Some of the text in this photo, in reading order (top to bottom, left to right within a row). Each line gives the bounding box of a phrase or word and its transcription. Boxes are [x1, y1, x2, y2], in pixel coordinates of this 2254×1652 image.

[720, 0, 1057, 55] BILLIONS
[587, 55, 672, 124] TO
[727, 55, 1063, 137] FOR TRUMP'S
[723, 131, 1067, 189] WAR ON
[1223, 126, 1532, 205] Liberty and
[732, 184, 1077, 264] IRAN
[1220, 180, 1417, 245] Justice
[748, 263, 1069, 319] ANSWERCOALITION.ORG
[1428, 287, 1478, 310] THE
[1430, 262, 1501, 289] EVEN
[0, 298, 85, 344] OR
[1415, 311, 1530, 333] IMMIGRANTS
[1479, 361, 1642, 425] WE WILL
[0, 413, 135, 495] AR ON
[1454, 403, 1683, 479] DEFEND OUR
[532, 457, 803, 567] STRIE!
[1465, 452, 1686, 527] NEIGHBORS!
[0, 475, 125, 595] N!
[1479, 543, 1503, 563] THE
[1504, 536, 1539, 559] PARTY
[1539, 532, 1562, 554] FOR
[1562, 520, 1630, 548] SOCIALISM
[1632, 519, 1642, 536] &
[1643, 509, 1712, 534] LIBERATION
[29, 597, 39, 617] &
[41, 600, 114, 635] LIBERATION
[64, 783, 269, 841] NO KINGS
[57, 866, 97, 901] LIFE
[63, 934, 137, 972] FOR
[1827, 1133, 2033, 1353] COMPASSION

> [Required work]: Each line of the material above should be restated word for word.

> [Your solution]:
Some of the text in this photo, in reading order (top to bottom, left to right within a row). Each line gives the bounding box of a phrase or word and its transcription. Boxes are [x1, y1, x2, y2], in pixel coordinates of this 2254×1652 image.

[720, 0, 1057, 55] BILLIONS
[587, 55, 672, 124] TO
[727, 55, 1063, 137] FOR TRUMP'S
[723, 131, 1067, 189] WAR ON
[1223, 126, 1532, 205] Liberty and
[732, 184, 1077, 264] IRAN
[1220, 180, 1417, 245] Justice
[748, 263, 1069, 319] ANSWERCOALITION.ORG
[1428, 287, 1478, 310] THE
[1430, 262, 1501, 289] EVEN
[0, 298, 85, 344] OR
[1415, 311, 1530, 333] IMMIGRANTS
[1479, 361, 1642, 425] WE WILL
[0, 413, 135, 495] AR ON
[1454, 403, 1683, 479] DEFEND OUR
[532, 457, 803, 567] STRIE!
[1465, 452, 1686, 527] NEIGHBORS!
[0, 475, 125, 595] N!
[1479, 543, 1503, 563] THE
[1504, 536, 1539, 559] PARTY
[1539, 532, 1562, 554] FOR
[1562, 520, 1630, 548] SOCIALISM
[1632, 519, 1642, 536] &
[1643, 509, 1712, 534] LIBERATION
[29, 597, 39, 617] &
[41, 600, 114, 635] LIBERATION
[64, 783, 269, 841] NO KINGS
[57, 866, 97, 901] LIFE
[63, 934, 137, 972] FOR
[1827, 1133, 2033, 1353] COMPASSION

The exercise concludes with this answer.